┌─ Given information

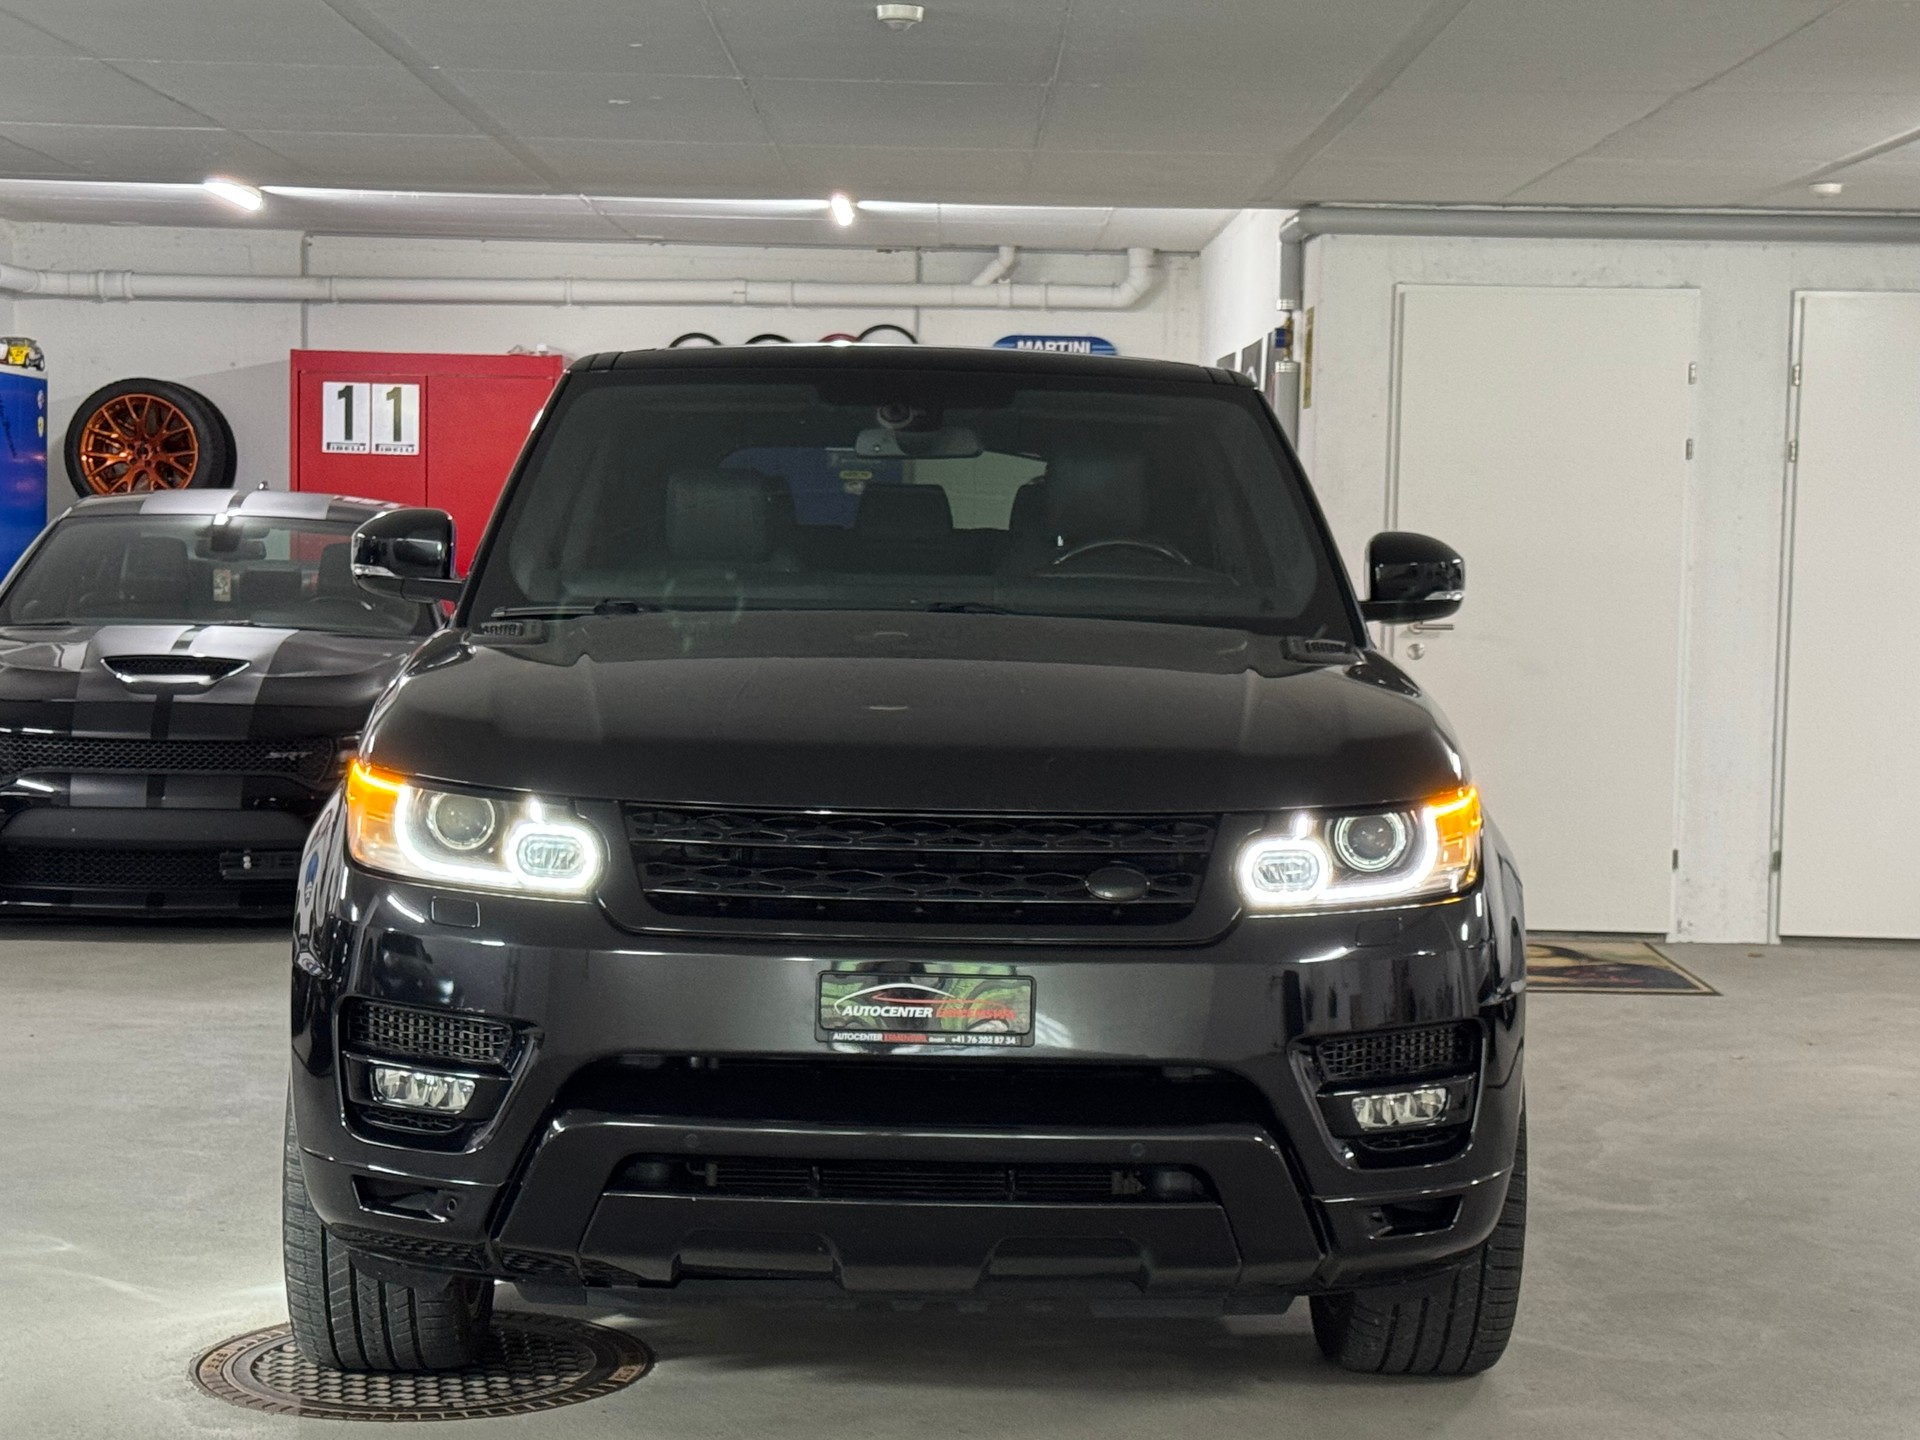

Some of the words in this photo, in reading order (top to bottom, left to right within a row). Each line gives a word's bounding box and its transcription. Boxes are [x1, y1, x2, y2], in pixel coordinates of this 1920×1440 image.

[1017, 341, 1092, 354] MARTINI
[842, 1005, 933, 1018] AUTOCENTER
[832, 1032, 884, 1042] AUTOCENTER
[967, 1035, 978, 1044] 76
[978, 1035, 993, 1044] 202
[1005, 1036, 1017, 1045] 34
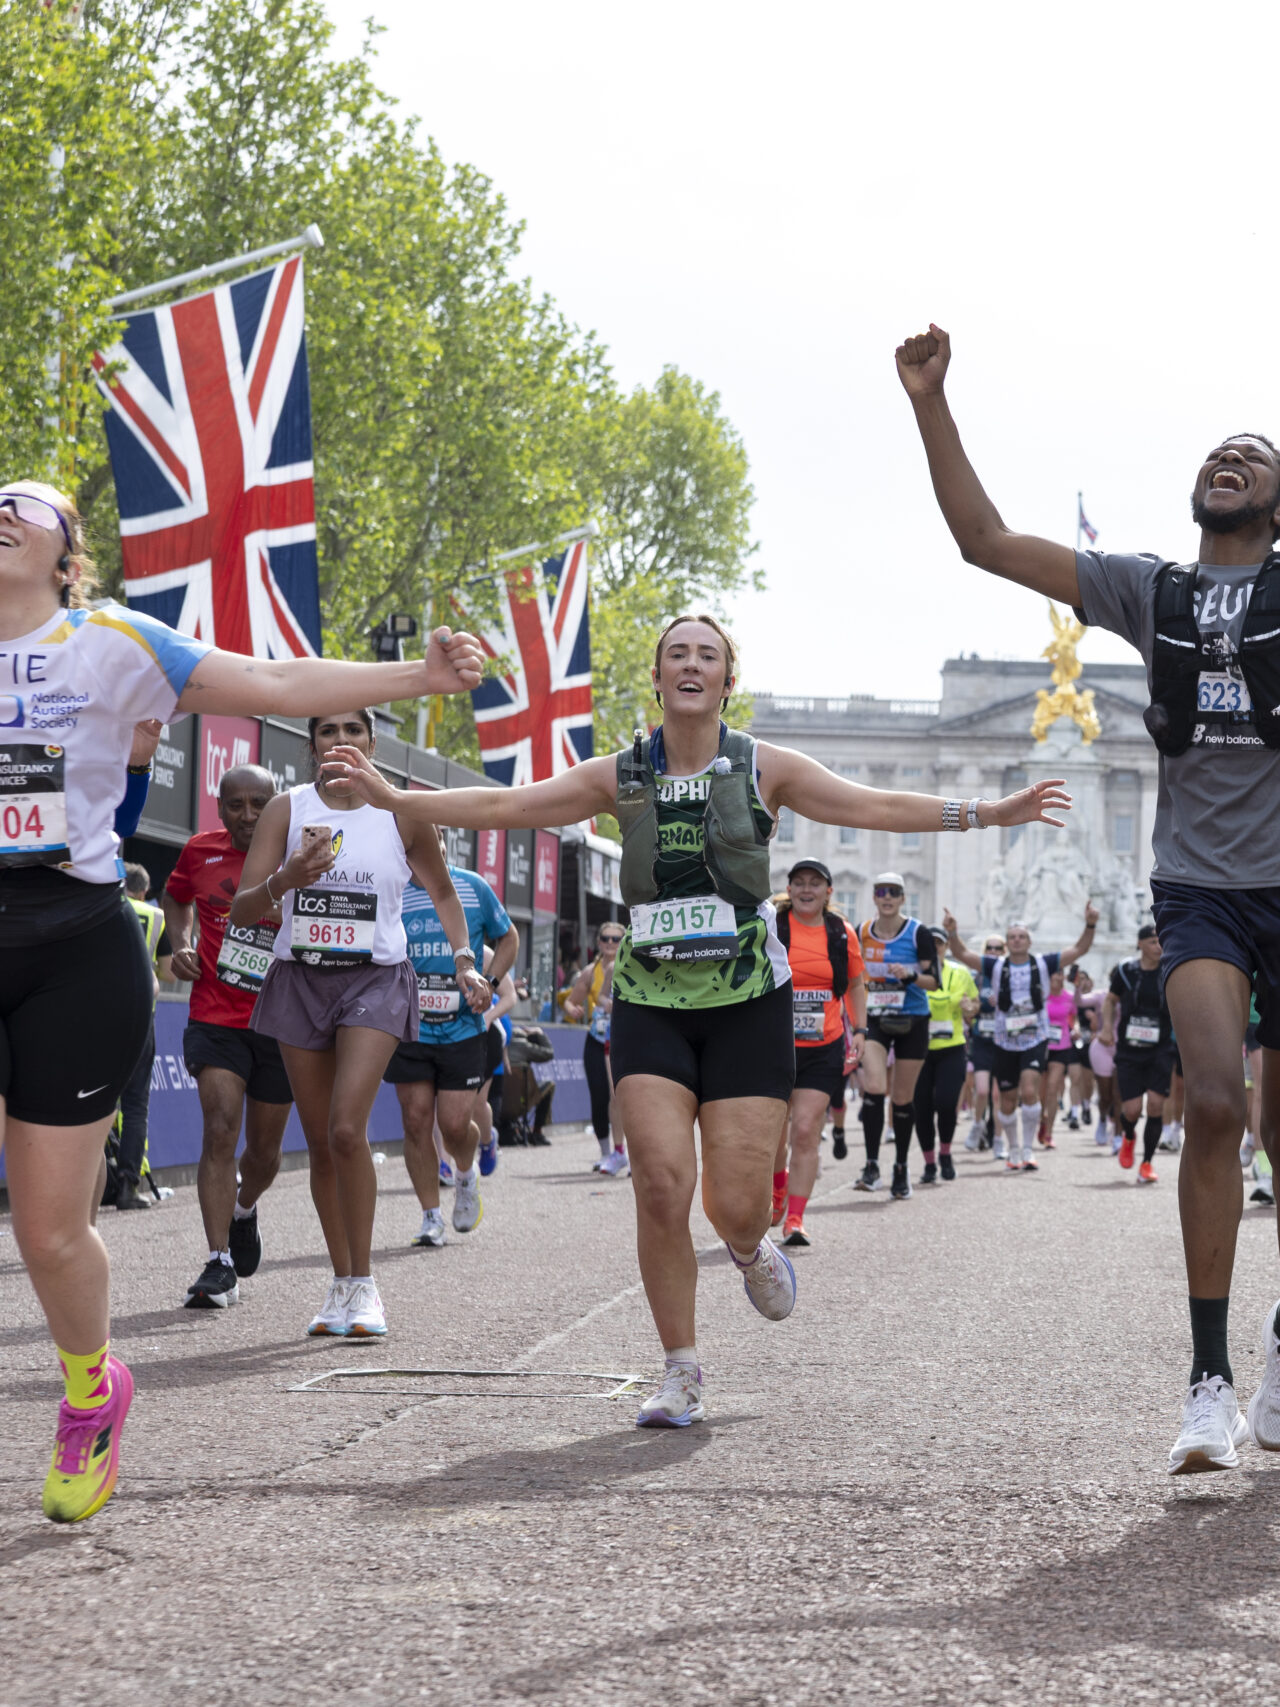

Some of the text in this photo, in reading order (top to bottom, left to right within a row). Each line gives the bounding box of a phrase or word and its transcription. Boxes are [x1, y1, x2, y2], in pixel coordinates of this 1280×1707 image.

[31, 692, 89, 703] National
[1197, 681, 1254, 711] 623
[31, 705, 83, 715] Autistic
[31, 717, 78, 728] Society
[1205, 735, 1225, 744] new
[0, 764, 55, 774] SULTANCY
[0, 804, 44, 840] 04
[355, 871, 374, 886] UK
[298, 893, 327, 913] tcs
[330, 895, 349, 903] TATA
[329, 902, 372, 911] CONSULTANCY
[309, 923, 355, 945] 9613
[408, 941, 453, 958] JEREM
[675, 951, 693, 960] new
[694, 948, 730, 958] balance
[229, 947, 269, 973] 7569
[419, 995, 451, 1009] 5937
[794, 1016, 816, 1029] 232
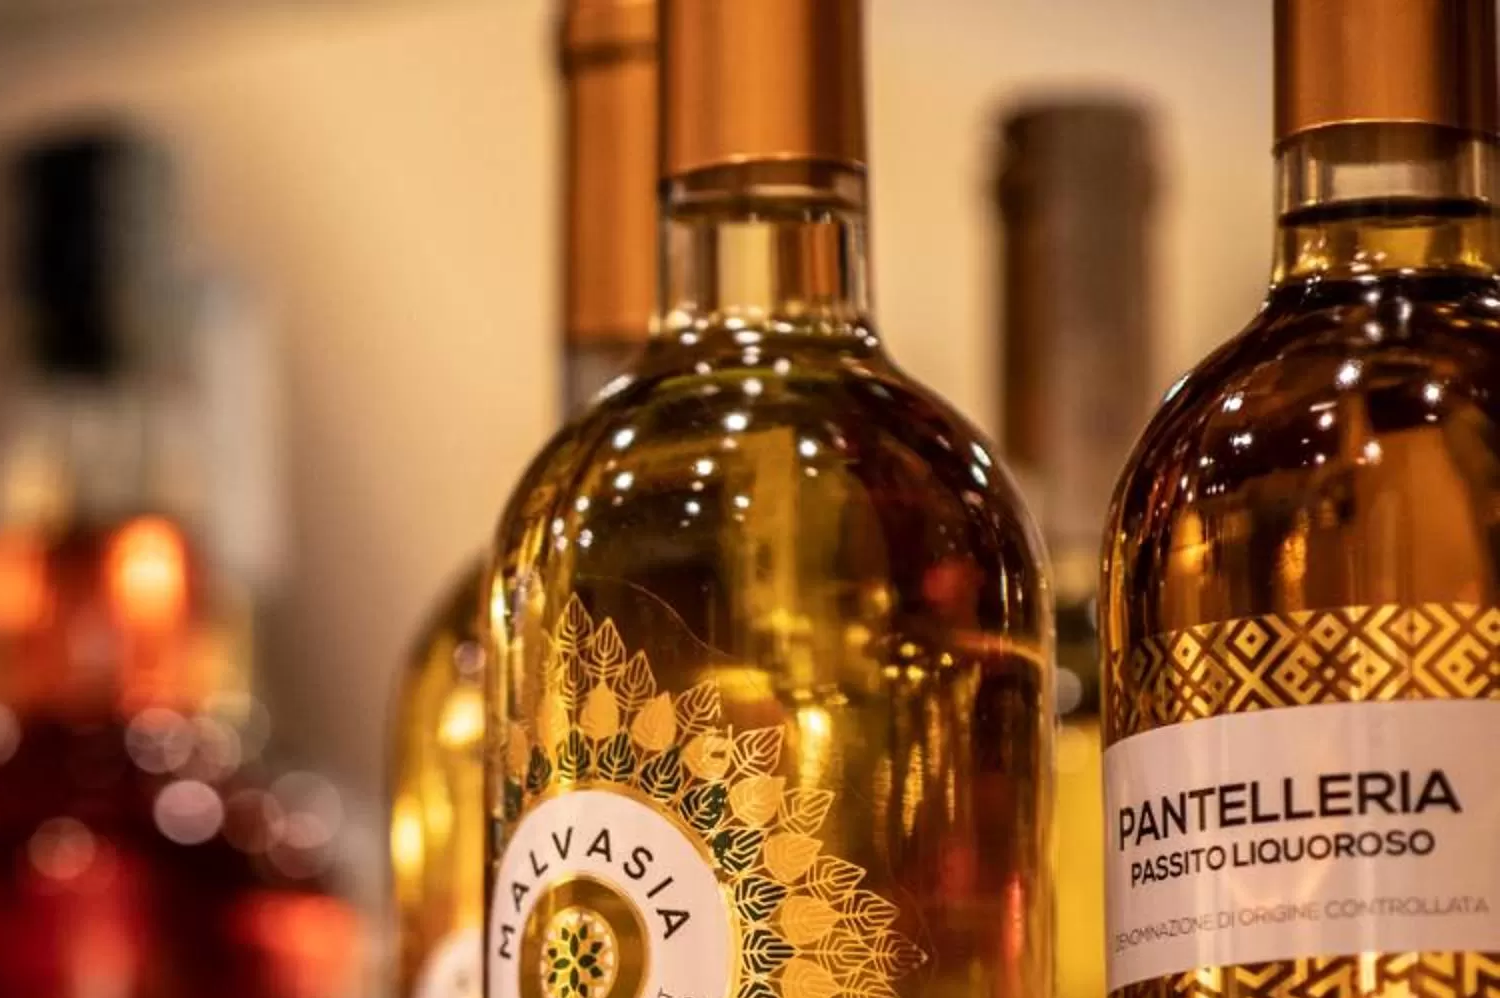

└─

◆ **Task directions**: With the pictures removed, copy the data above word for word.

◆ **Result of this task**:
Some of the words in this photo, in reading order (top to bottom, left to right within a row). Each line gives a word's bounding box and its transcription. Boxes are [x1, y1, x2, y2], in pixel coordinates of this 1920×1440 image.

[1017, 341, 1092, 354] MARTINI
[842, 1005, 933, 1018] AUTOCENTER
[832, 1032, 884, 1042] AUTOCENTER
[967, 1035, 978, 1044] 76
[978, 1035, 993, 1044] 202
[1005, 1036, 1017, 1045] 34

Some of the text in this photo, in reading order (top to bottom, left to right within a row). Each line gives the bounding box of a phrase or word and its transcription. Boxes are [x1, y1, x2, y2], in pixel coordinates of this 1280×1707 image.

[31, 692, 89, 703] National
[1197, 681, 1254, 711] 623
[31, 705, 83, 715] Autistic
[31, 717, 78, 728] Society
[1205, 735, 1225, 744] new
[0, 764, 55, 774] SULTANCY
[0, 804, 44, 840] 04
[355, 871, 374, 886] UK
[298, 893, 327, 913] tcs
[330, 895, 349, 903] TATA
[329, 902, 372, 911] CONSULTANCY
[309, 923, 355, 945] 9613
[408, 941, 453, 958] JEREM
[675, 951, 693, 960] new
[694, 948, 730, 958] balance
[229, 947, 269, 973] 7569
[419, 995, 451, 1009] 5937
[794, 1016, 816, 1029] 232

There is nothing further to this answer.